Tucked on the kitchen shelf next to the teapots are the Eurostar tickets to Paris. This is where we always put tickets, because ours is a chaotic household and we spend a lot of time looking for stuff. Somehow, only tickets expensive and complicated to replace have a sacred space. There is something very satisfying about Eurostar tickets. For a start, the printed stiff card is more reassuring than those e-tickets you print yourself. And I like studying the little bilingual wallet they come in. In the English column under ‘The rules’, it says: ‘All Eurostar services are non-smoking, which is just how we like them.’
The French version is ‘Pour le confort de tous: Tous les services Eurostar sont non-fumeurs pour votre confort.’ Less reassuring are those little words non exchangeable/non refundable, a warning that appears on every ticket I buy. I call it Ticket Tyranny, because from the moment you commit to the cheapest fare, your life is ruled by that time and date. Unless you decide not to go at all, which is what I did last week. I don’t chuck two aller-retour tickets one for me, one for Sarah, my shop manager lightly.

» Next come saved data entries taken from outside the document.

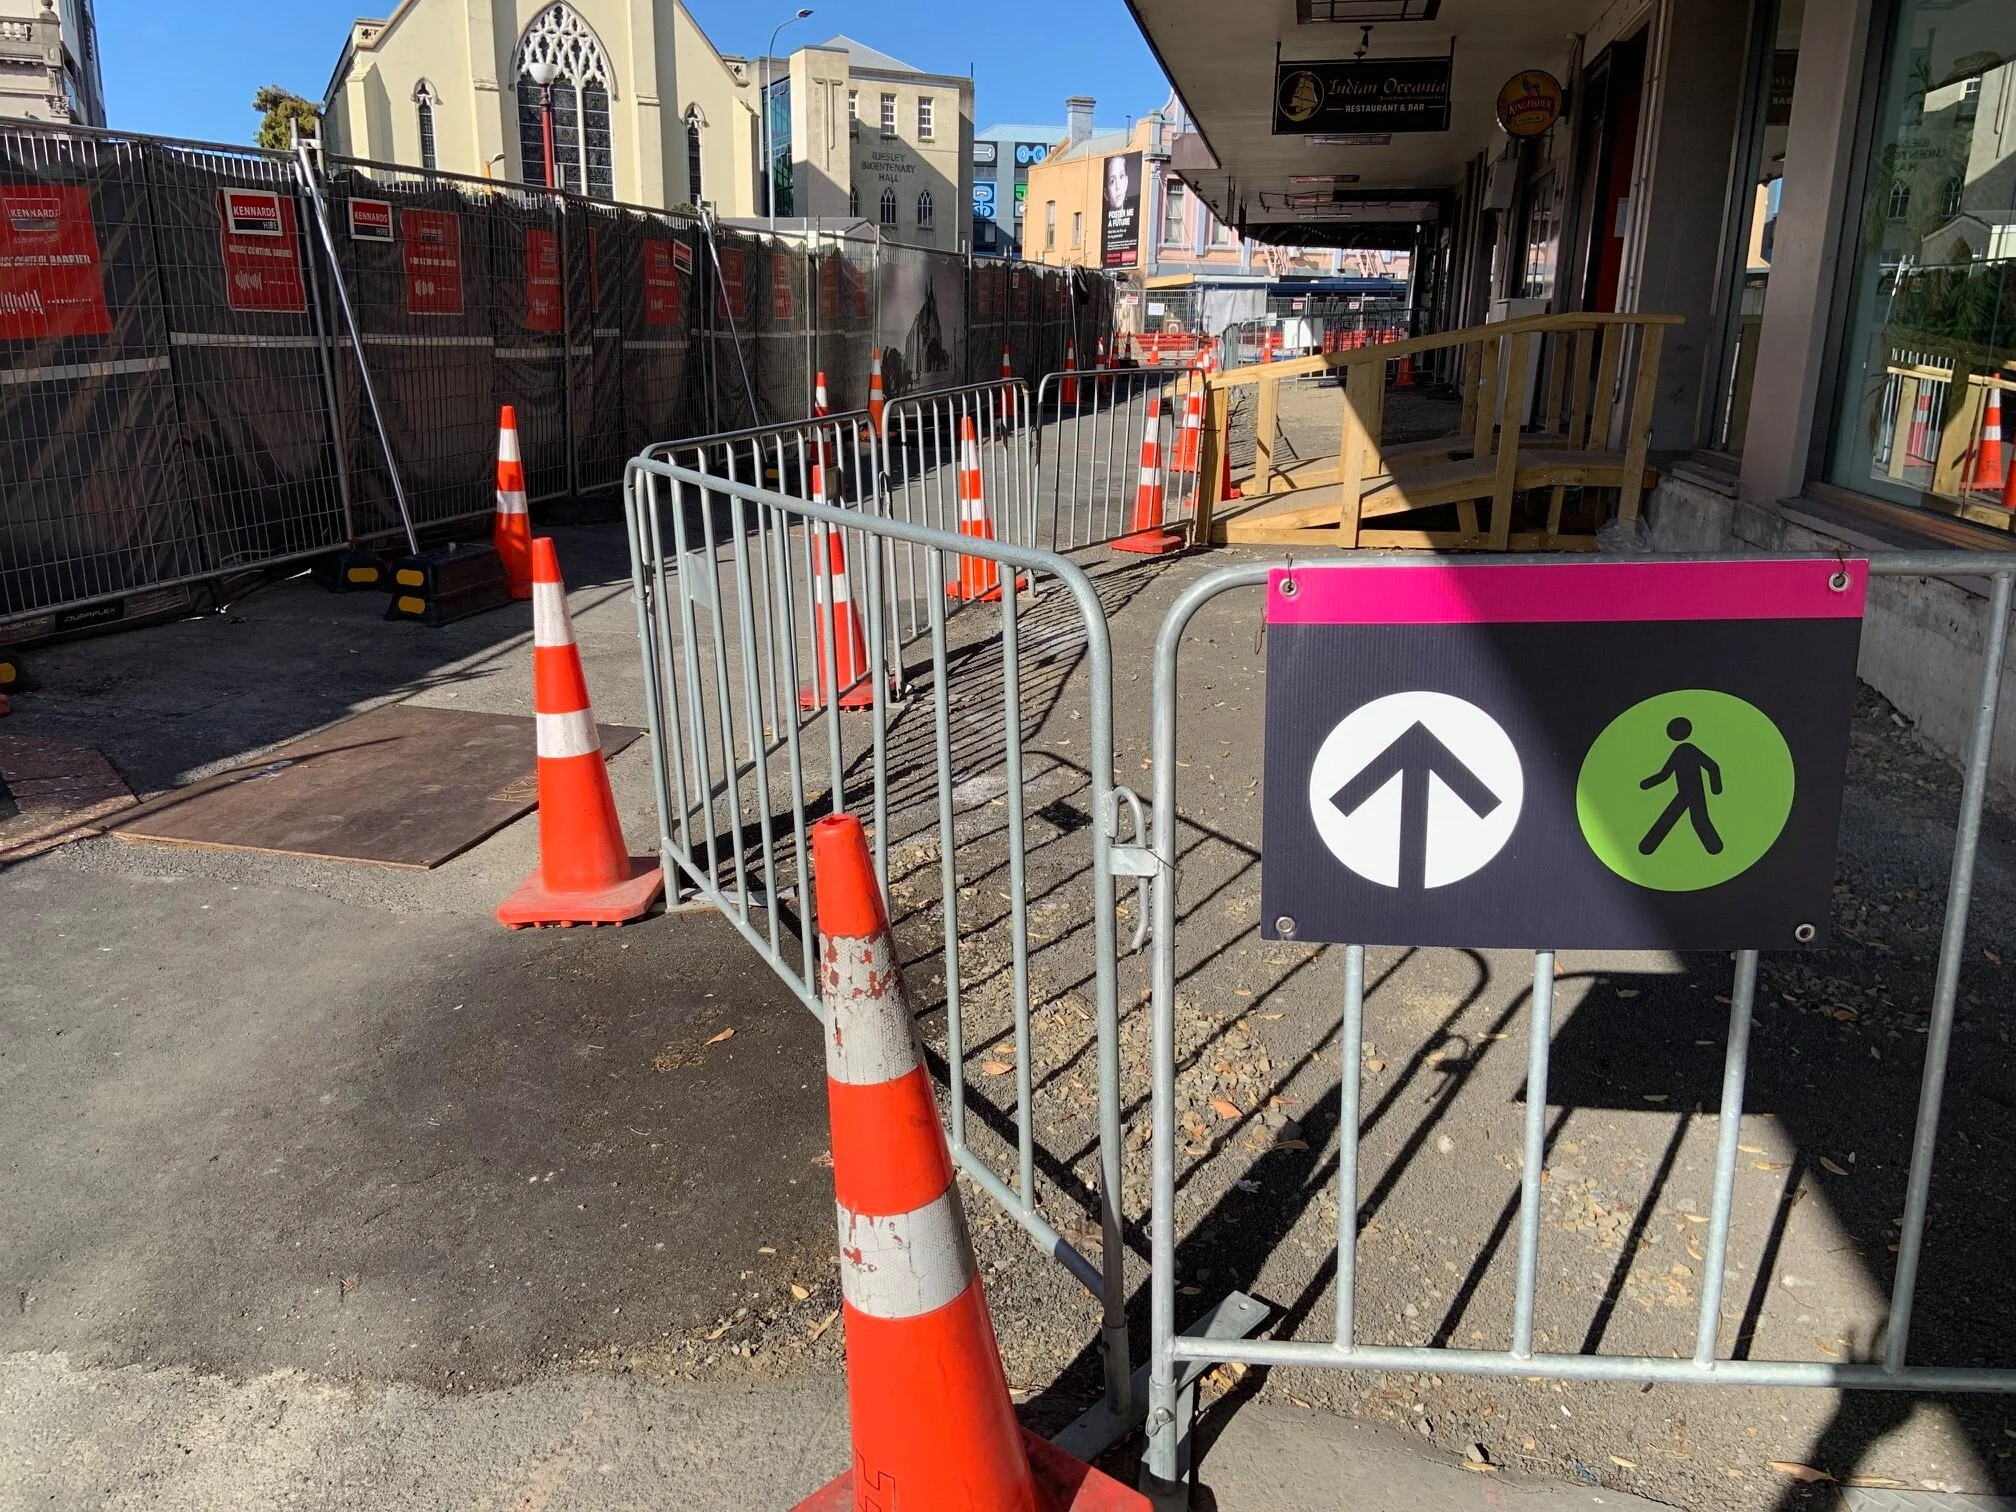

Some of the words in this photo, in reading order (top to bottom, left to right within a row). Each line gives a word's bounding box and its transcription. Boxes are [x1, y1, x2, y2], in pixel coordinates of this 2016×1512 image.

[1328, 77, 1378, 96] Indian
[1345, 103, 1399, 113] RESTAURANT
[1400, 103, 1406, 112] &
[1408, 102, 1425, 111] BAR
[1509, 99, 1552, 116] KINGFISHER
[872, 151, 906, 162] WESLEY
[861, 160, 916, 173] BICENTENARY
[878, 172, 900, 183] HALL
[233, 205, 276, 217] KENNARDS
[354, 211, 388, 223] KENNARDS
[262, 220, 278, 230] HIRE
[1107, 219, 1113, 227] A
[376, 227, 389, 236] HIRE
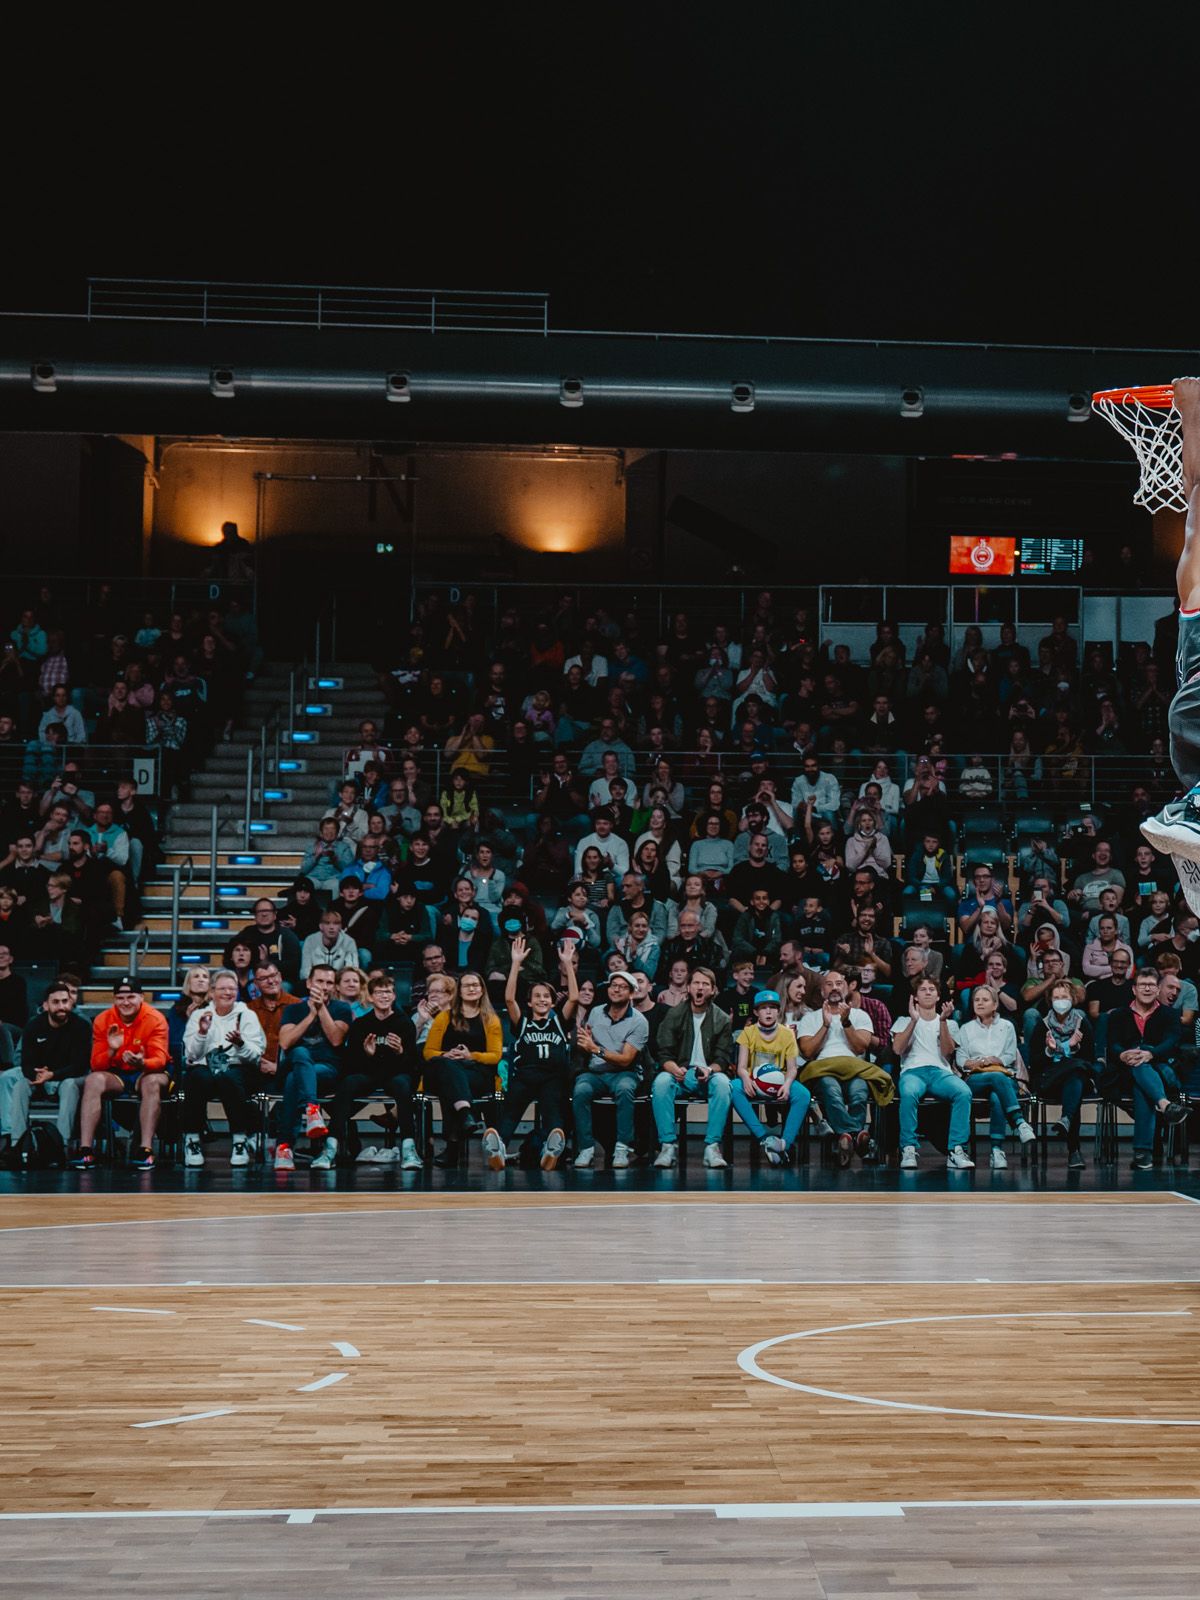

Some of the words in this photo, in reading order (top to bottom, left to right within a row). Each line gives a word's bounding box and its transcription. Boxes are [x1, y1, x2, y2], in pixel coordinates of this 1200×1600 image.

[208, 583, 221, 600] D
[448, 586, 461, 604] D
[138, 768, 150, 786] D
[536, 1044, 550, 1059] 11
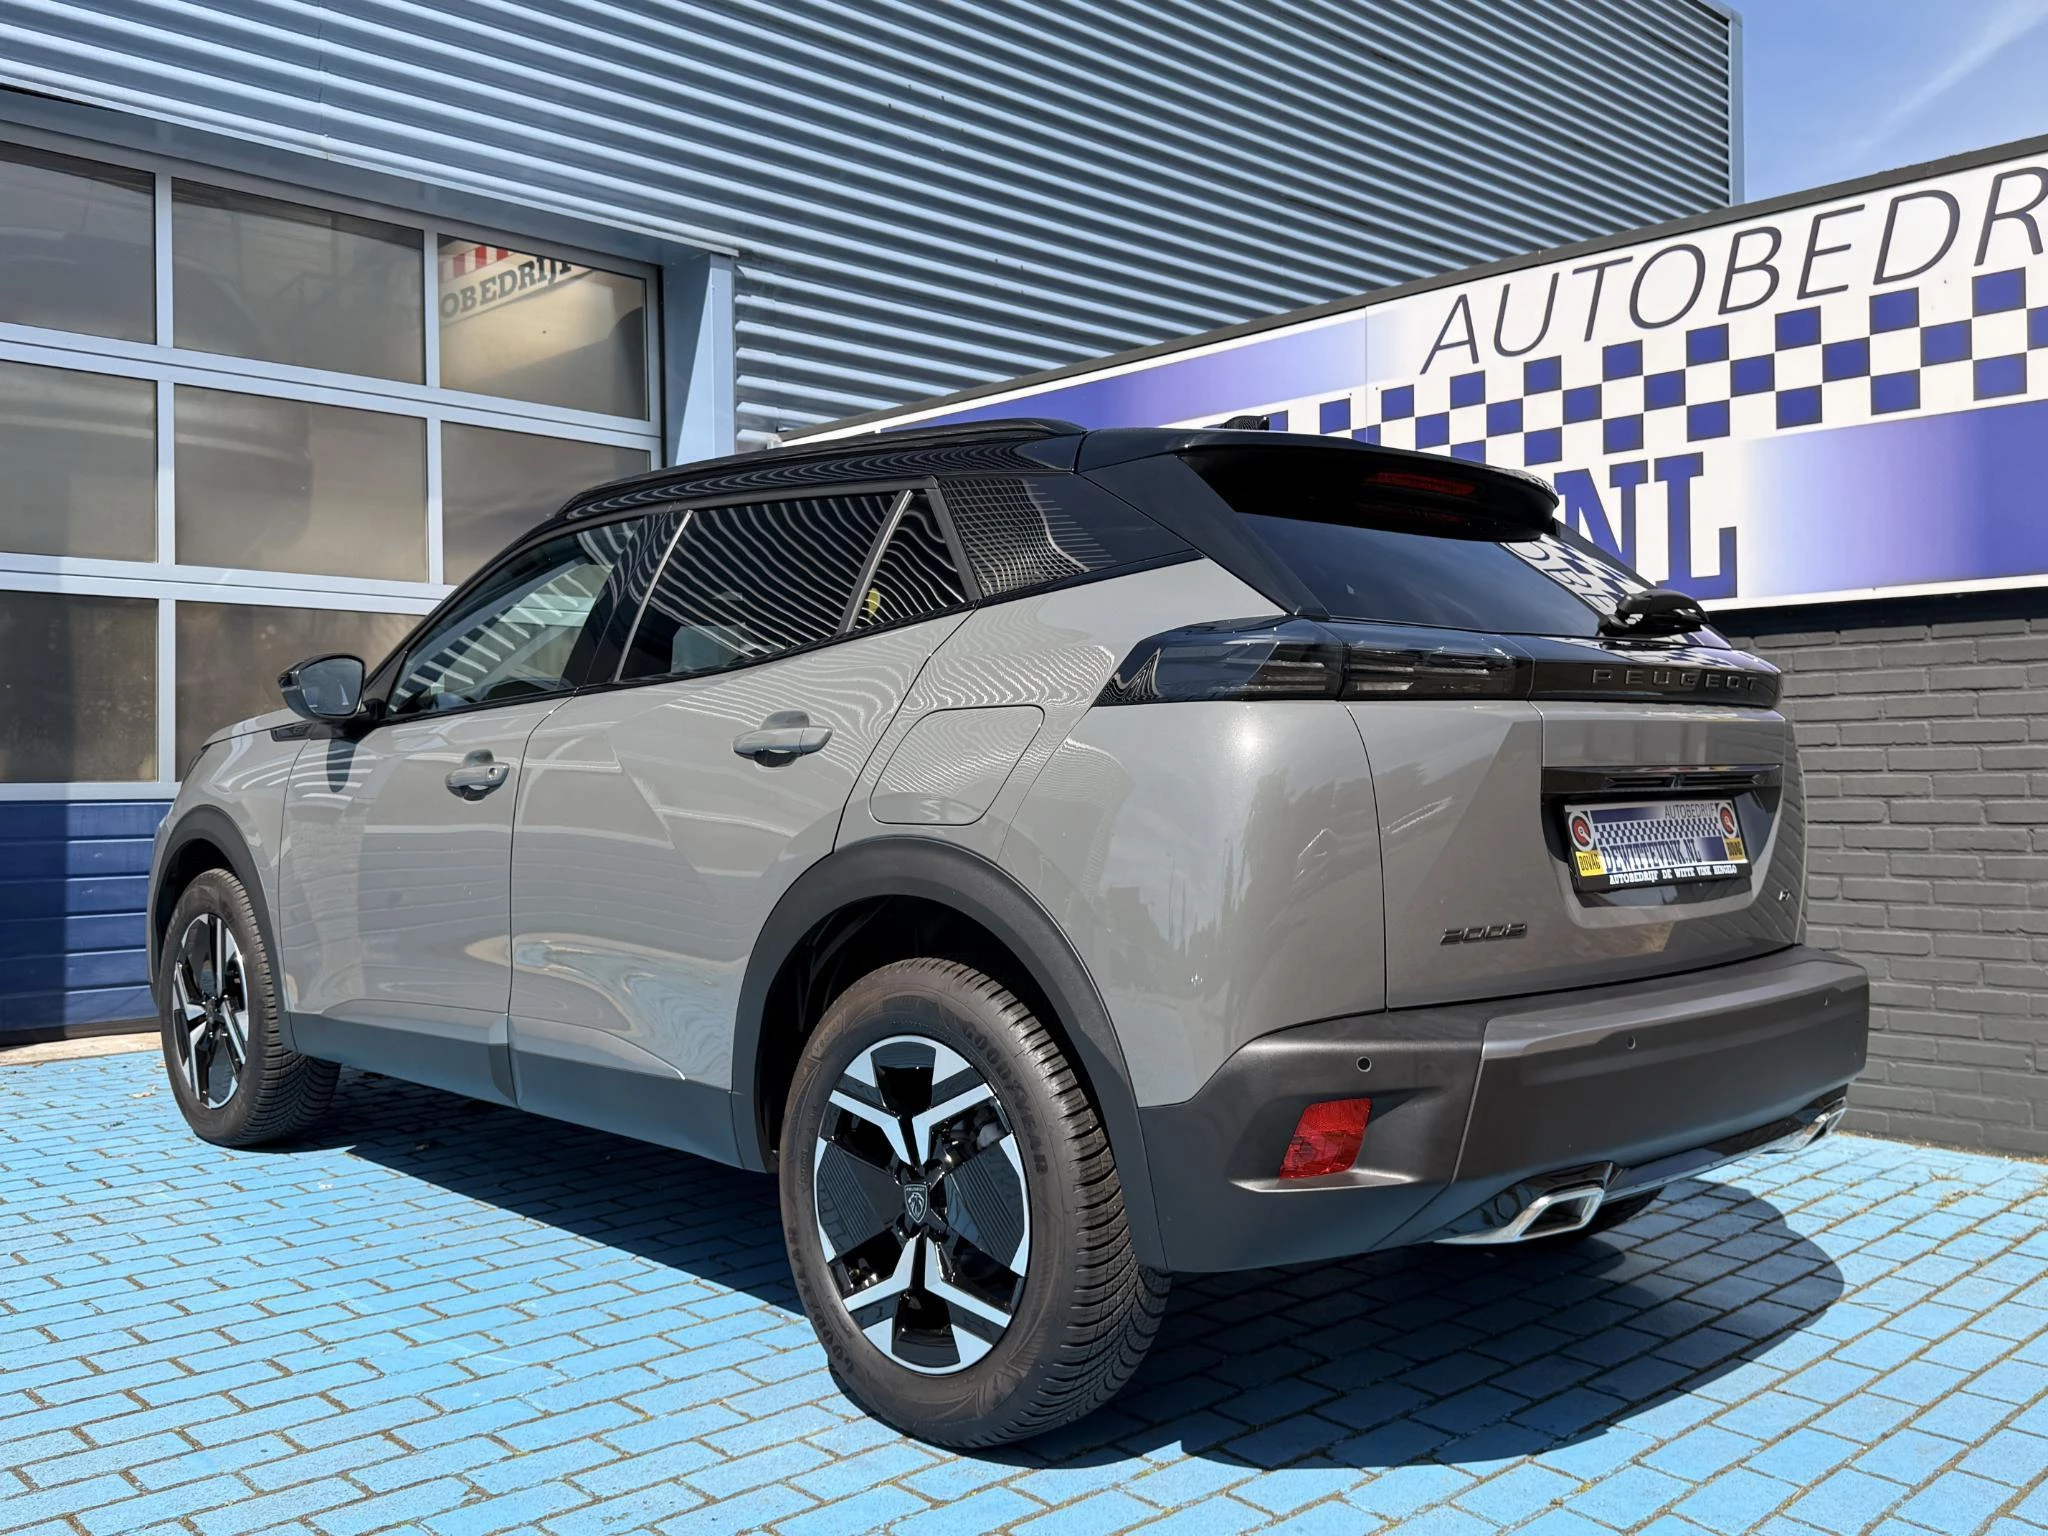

The September trip to Paris for the ‘Maison et Objet’ exhibition is an important one on our calendar because it’s our last big buy for the shop before Christmas. Deciding to cancel at the last minute was a nervous decision. But here is the reality: being a shopkeeper these days is a nerve-wracking business. My customers are very much like me, and we’re all nervous because we simply don’t know what lies ahead. We’re putting on a brave face, with the new autumn goods a welcome relief from the messy sales of summer goods sold at a loss, in part because we never had a summer, in part because people feel wary and insecure. But behind the fresh face, optimism is thin. My instinct is to hunker down. Proceed with caution. And give ‘Maison et Objet’ a miss. More and more, the beautiful French things that I find there are designed in France but made in China. When times are good, you’re tempted to overlook these details. But when the pound is falling, it makes you think long and hard about the wisdom of going to Paris to pay in Euros for goods made in China. This need to retreat isn’t new.
Back in the 1990s, the trend doyenne Faith Popcorn coined the term ‘cocooning’ to describe the hunkering down in the economic gloom in the early half of that decade. The home became a fortress, and folks invested in comfy sofas and widescreen TVs. I believe that cocooning is back. I’ve slashed my budget for Christmas decorations for the shop on the theory that we’ll have a nostalgic appreciation of angels from years past. I’ve cut back on expensive and useless stocking stuffers (I keep thinking of Nabokov’s description of Fabergé’s encrusted eggs as ‘trivial monstrosities’) and I’m concentrating instead on useful, beautiful comfort goods such as soft wool blankets and cashmere socks made in Scotland, glassware and pottery made in England, tweed jackets made in Ireland. I’m calling these treasures the ‘Dappled Collection’, from Gerard Manley Hopkins’ ‘Glory be to God for dappled things… all things counter, original, spare, strange’.
And nothing shipped 6,000 miles in a container. My husband is uneasy about my protectionism, but I feel the situation for the small shopkeeper is dire. Perhaps it was ever thus—re-read The Tale of Ginger and Pickles and you will swoon at Miss Potter’s prophetic pen. Ginger and Pickles gave their customers credit and ended up losing their shop. There is no crystal ball, but cutting our losses (two Eurostar tickets at £59) seems a good start, along with doubling our orders to Johnstons of Elgin and Persephone Books, wool throws and good books pour le confort de tous. Which is just how we like it.